Thursday, June 17, 2021

skepticism about intermittent fasting

Just seen on Instapundit: an article casting doubt on the benefits of intermittent fasting: "A Potential Downside of Intermittent Fasting: A rigorous three-month study found that people lost little weight, and much of that may have been from muscle." Here's an excerpt:

The new research, published in JAMA Internal Medicine, is one of the most rigorous studies to examine time-restricted eating, which involves fasting for 12 or more hours a day. Many followers of the diet, which has been popularized in best-selling diet books and touted by celebrities, routinely skip breakfast and eat all their meals between roughly noon and 8 p.m., resulting in a daily 16-hour fast.

Research over the years has suggested that the practice spurs weight loss and improves metabolic health, although much of the data has come from animal experiments or small studies of relatively short duration in humans. Experts say the diet works because it allows people the freedom to eat what they want so long as they do it in a narrow window of time, which leads them to consume fewer calories over all.

But the new research found that overweight adults who were assigned to routinely fast for 16 hours daily, eating all their meals between noon and 8 p.m., popularly known as the 16:8 diet, gained almost no benefit from it. Over the course of the three-month study, they lost an average of just two to three and a half pounds — only slightly more than a control group — and most of the weight they shed was not body fat but “lean mass,” which includes muscle.

Obviously, this is only one study, and there's a certain level of subjectivity when it comes to dieting, i.e., your mileage may vary. But as I said before, it's good to listen to the skeptical voices. This actually helps you to make more-informed choices. As to this article, I've actually heard this news before, that fasting can cause the body to cannibalize its own muscles. So this study is nothing new, but one should still be mindful that fasting comes with risks.

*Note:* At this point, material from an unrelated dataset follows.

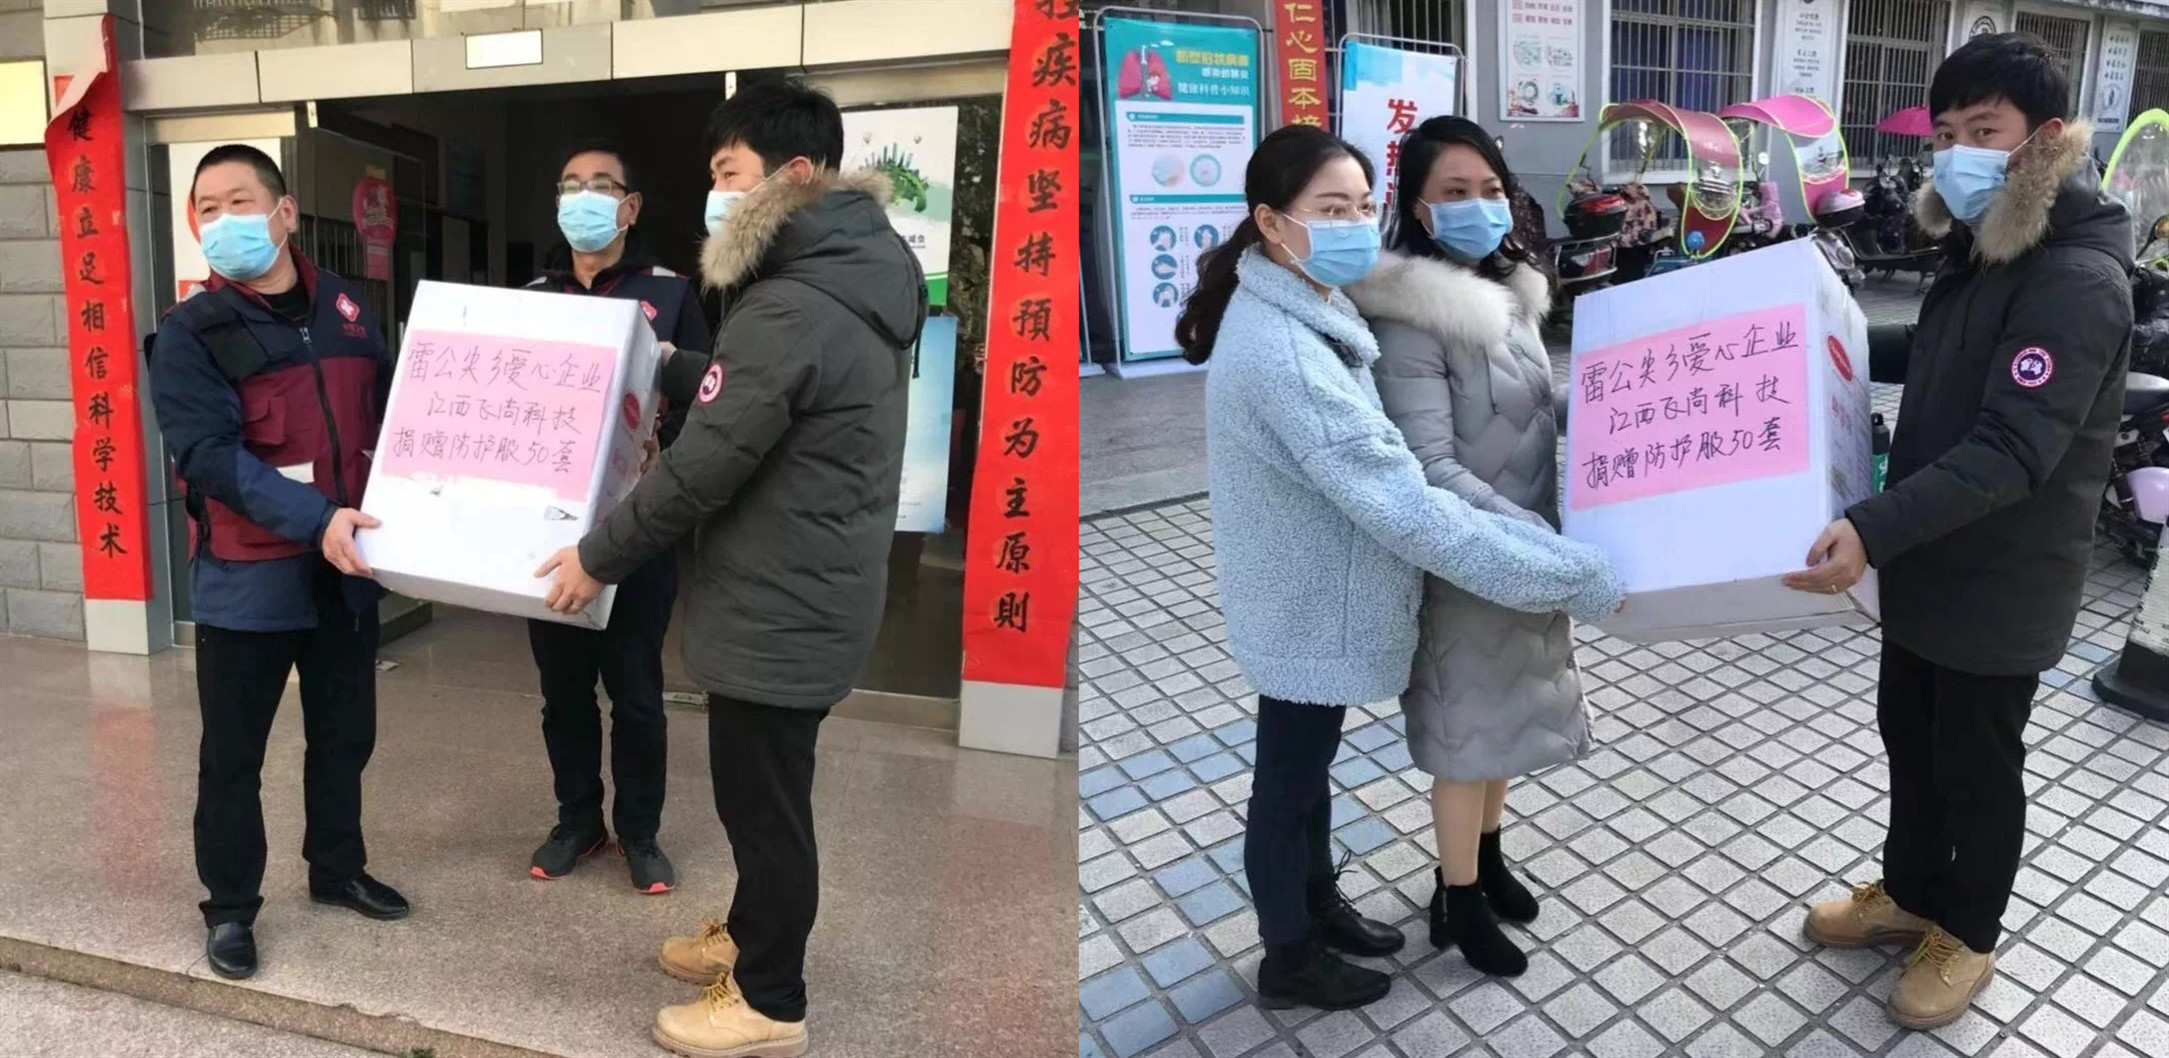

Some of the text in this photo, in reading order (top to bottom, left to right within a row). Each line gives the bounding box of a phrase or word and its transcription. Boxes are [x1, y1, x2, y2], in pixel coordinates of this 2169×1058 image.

I should note, though, that the above excerpt is misleading when it says "eat what they want." You can't subsist on chocolate cake just because you're now on a 16:8 schedule. The nutrition you take in—and its quantity—is still vitally important if your goal is to lose weight. So the onus is still on you to both eat healthily and control your portions (that last part is what I've always found most difficult; I've spent most of my life as a big eater).


Charles said...

As you know, I am a dedicated intermittent faster, although my goal was never to lose weight. I've been doing IF for over half a year now, and my weight has stayed roughly the same. IF for me has always been about just being healthier in general.

As for fasting causing the body to cannibalize it's own muscles, I have actually seen an increase in my muscle mass (and a corresponding decline in body fat) since I began IF. Of course, I also try to eat healthy and exercise regularly, so I don't attribute that entirely to IF.

Honestly, I don't think any system is going to work if you're just going to treat it like a magic bullet and not put in any effort to change your habits. Like you said, it's not like suddenly restricting all of your eating to an eight-hour window is going to change much of anything if all you eat is chocolate cake. And if you don't throw exercise into the mix then, yeah, I could see people losing muscle mass.

Kevin Kim said...

Dr. Jason Fung's version of IF is the regime I'll be switching to when I'm done with my austerity. This will be a fairly intensive form of IF in which I follow an 18:6 schedule and don't eat for four days out of the week (maybe a clear soup on a fasting day). I'm not too worried about the muscle-mass issue; I suspect that, if you have enough protein in your diet and you're exercising, muscle loss won't be a factor. At least not a major one.

Daniel said...

I'm gonna go out on a limb here and say the 16:8 and 5:2 iterations of IF are probably not radical enough. Although the pandemic stalled my admittedly weak efforts, I lost around 9kg over a few months using OMAD IF (One Meal a Day), which in turn triggers autophagy and shuts down the mTOR pathway. Of course, you can also pop a couple of milligrams of rapamycin once a week (pulsed dosing) or a daily metformin pill to get roughly the same therapeutic outcome, but since weight loss is also important, dietary changes are the way to go. Rapamycin is also said to reset the body's epigenetic clock. Check out for more details. (I'm on 5mg once a week and definitely FEEL younger, but that could just as easily be the placebo talking.)

Kevin Kim said...


I'm on metformin already; I don't know whether you saw my belated reply to your comment from several days ago. I'd eventually like to get off all meds.